Problem requirements: In your copy, include no images, and write out every entry below exactly as it stands.

Available records:

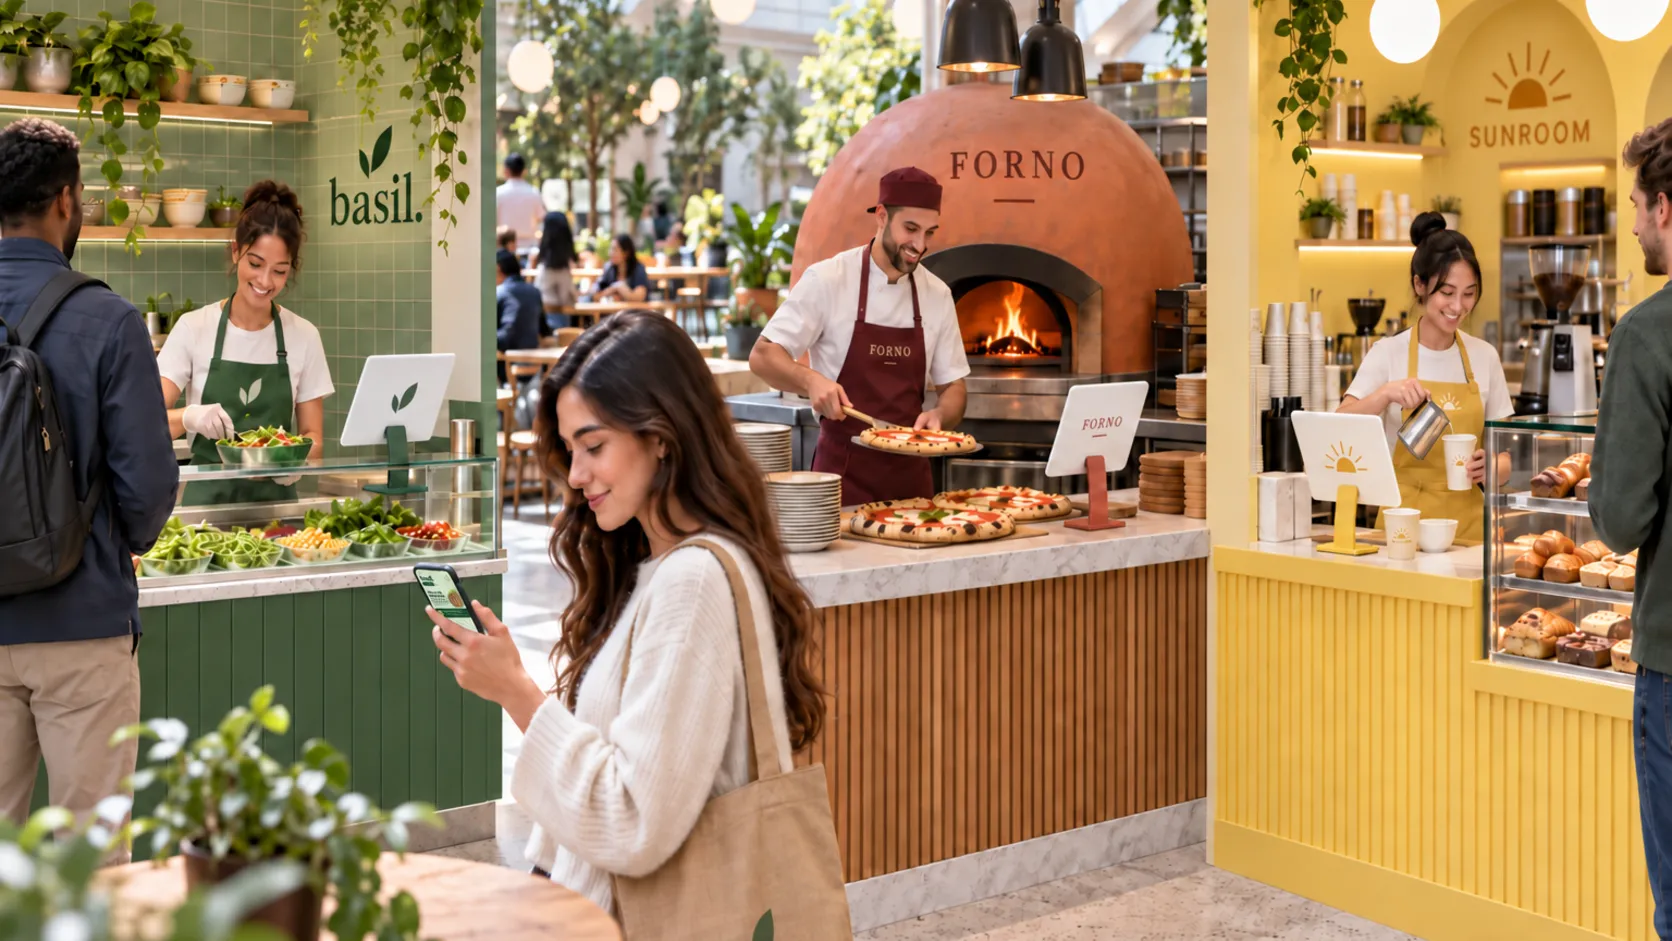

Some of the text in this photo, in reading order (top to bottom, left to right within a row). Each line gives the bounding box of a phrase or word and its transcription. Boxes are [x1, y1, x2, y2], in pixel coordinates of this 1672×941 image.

[1469, 119, 1590, 148] SUNROOM
[950, 150, 1085, 180] FORNO
[329, 171, 423, 226] basil.
[869, 344, 911, 357] FORNO
[1082, 415, 1123, 431] FORNO
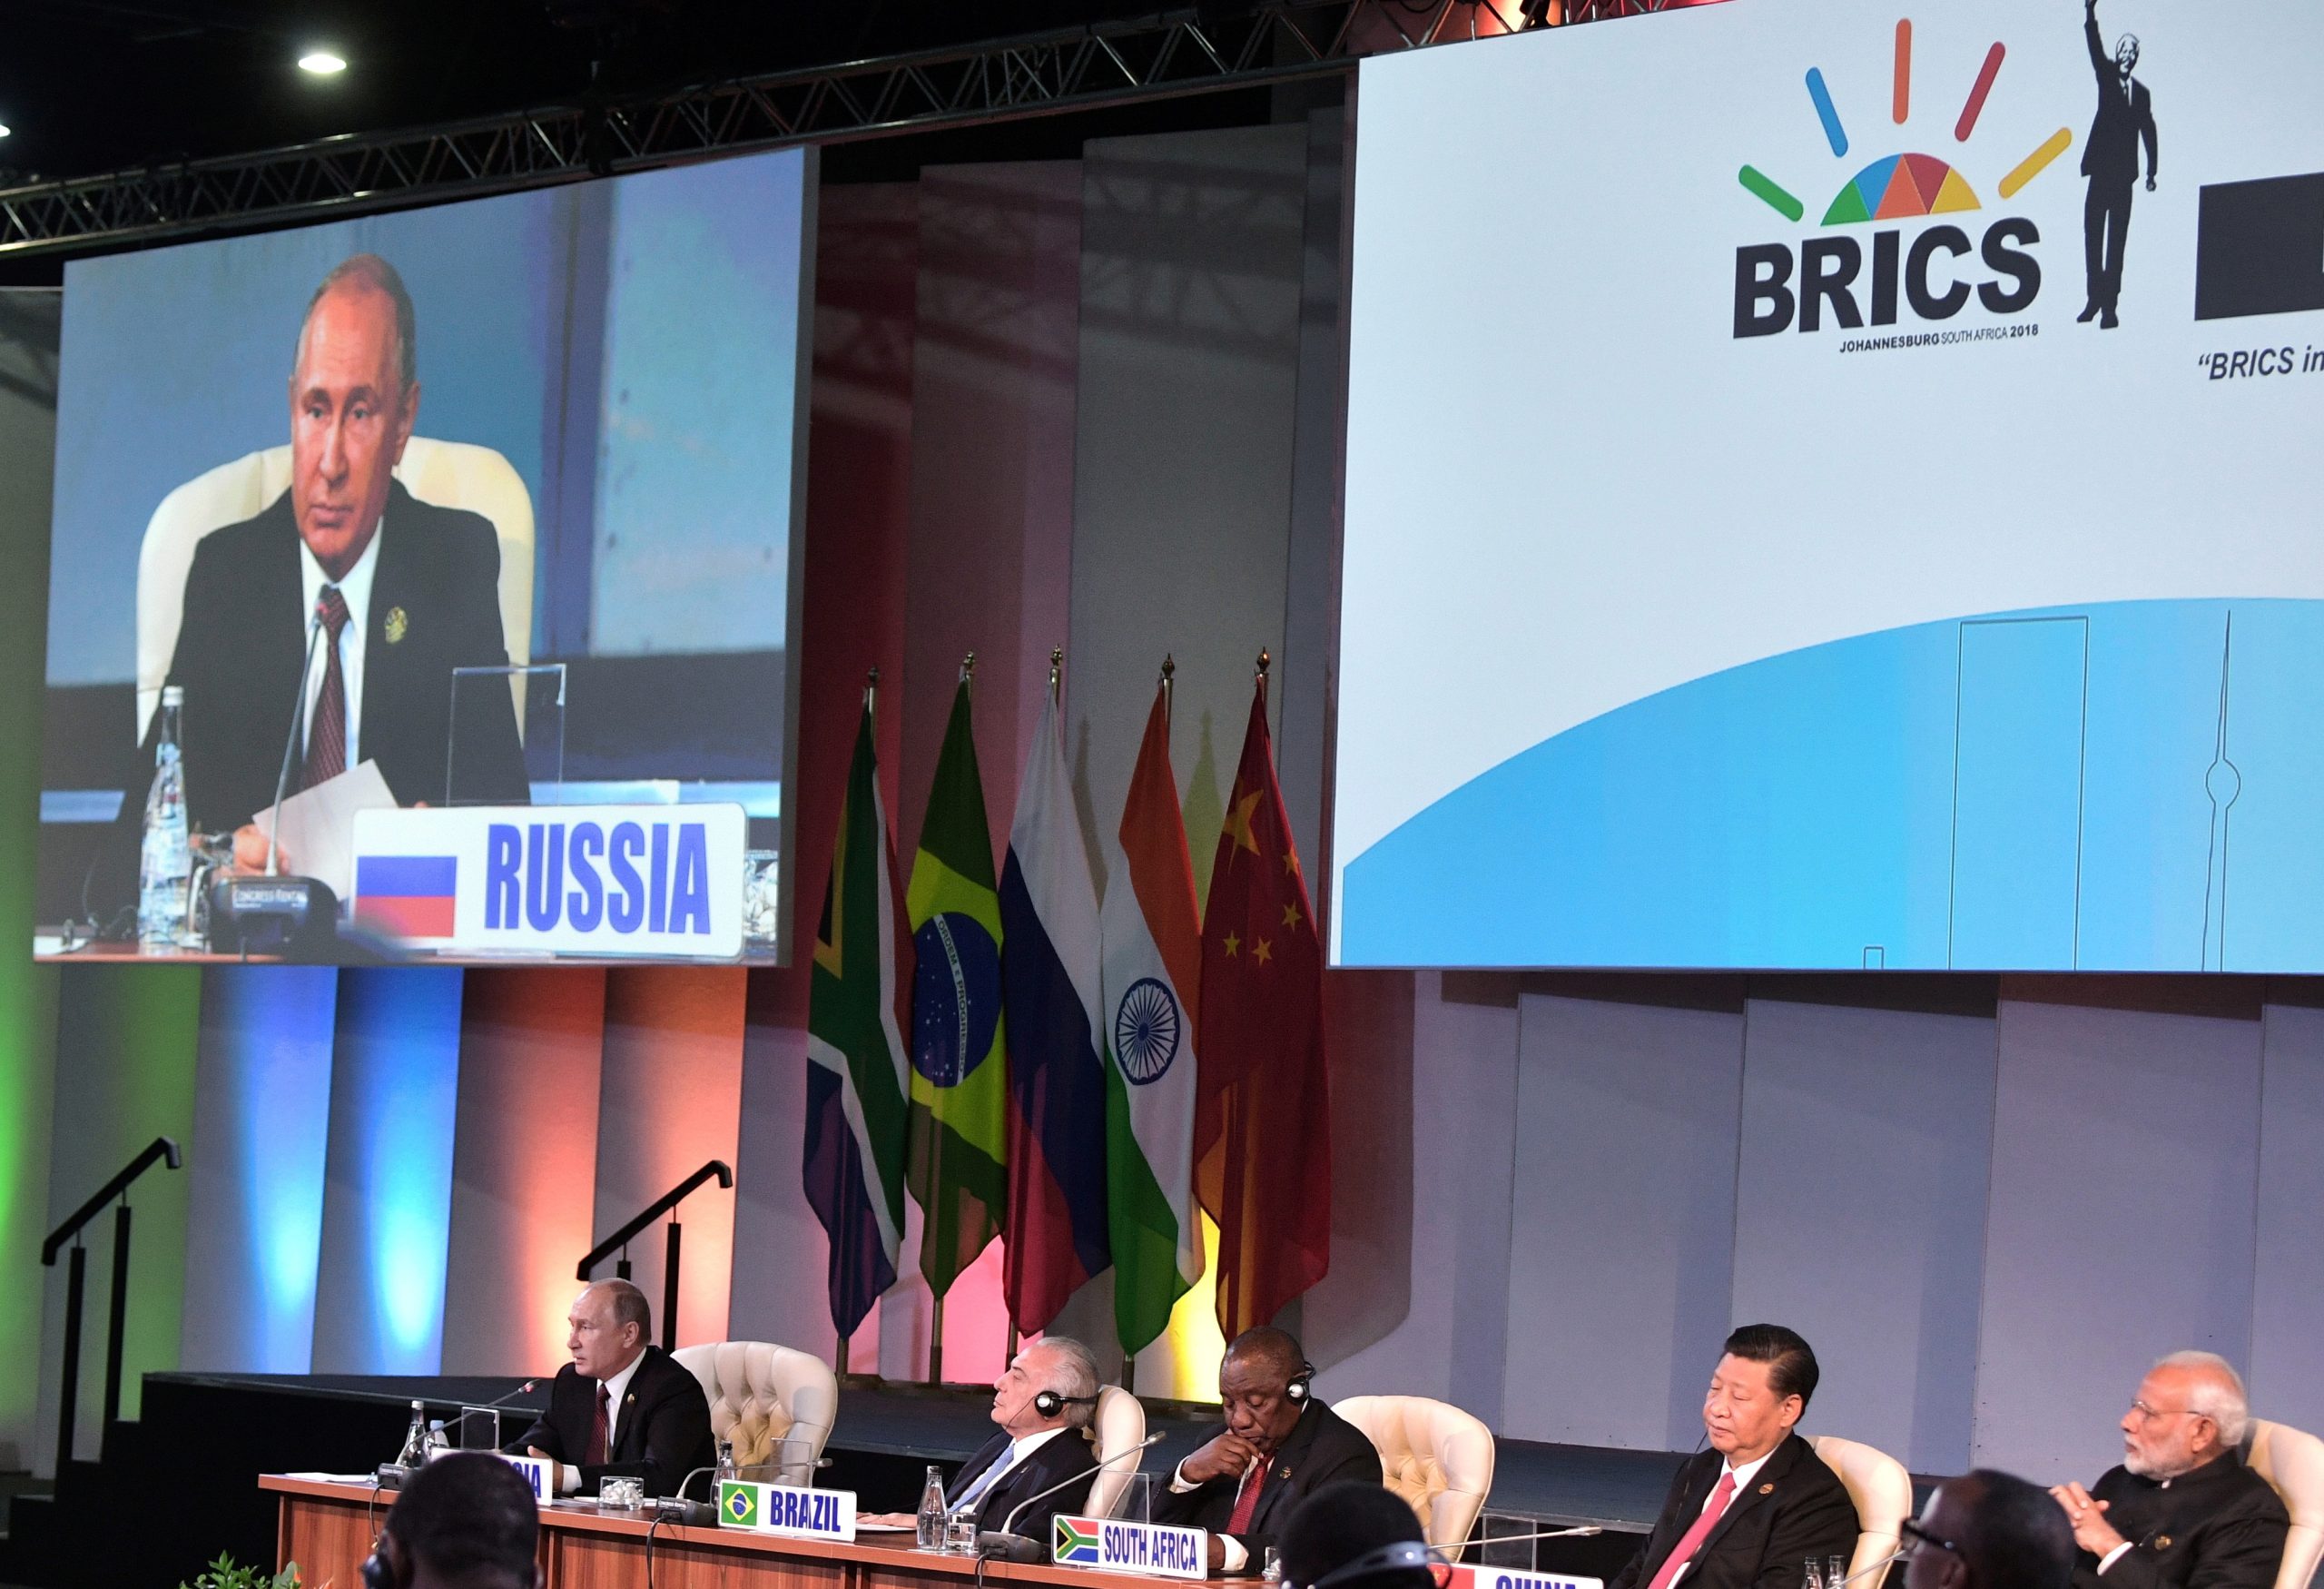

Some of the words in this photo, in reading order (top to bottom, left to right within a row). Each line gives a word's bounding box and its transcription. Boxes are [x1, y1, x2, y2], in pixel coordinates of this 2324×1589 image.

[1733, 216, 2043, 340] BRICS
[1839, 332, 1940, 353] JOHANNESBURG
[1940, 331, 1973, 346] SOUTH
[1973, 327, 2008, 342] AFRICA
[2009, 323, 2039, 339] 2018
[484, 820, 712, 936] RUSSIA
[770, 1490, 841, 1531] BRAZIL
[1105, 1525, 1147, 1564] SOUTH
[1151, 1531, 1197, 1571] AFRICA

Task output:
Some of the text in this photo, in reading order (top to bottom, left to right within a row). Each line gives the bounding box of a phrase or word and its transcription. Boxes are [x1, y1, x2, y2], in pixel coordinates of this 1672×941 image.

[1469, 119, 1590, 148] SUNROOM
[950, 150, 1085, 180] FORNO
[329, 171, 423, 226] basil.
[869, 344, 911, 357] FORNO
[1082, 415, 1123, 431] FORNO

Some of the words in this photo, in reading order (top to bottom, left to right within a row). Each line gives a word's bounding box and its transcription. Boxes are [x1, y1, x2, y2], in pixel coordinates of this 2324×1589 image.

[1733, 216, 2043, 340] BRICS
[1839, 332, 1940, 353] JOHANNESBURG
[1940, 331, 1973, 346] SOUTH
[1973, 327, 2008, 342] AFRICA
[2009, 323, 2039, 339] 2018
[484, 820, 712, 936] RUSSIA
[770, 1490, 841, 1531] BRAZIL
[1105, 1525, 1147, 1564] SOUTH
[1151, 1531, 1197, 1571] AFRICA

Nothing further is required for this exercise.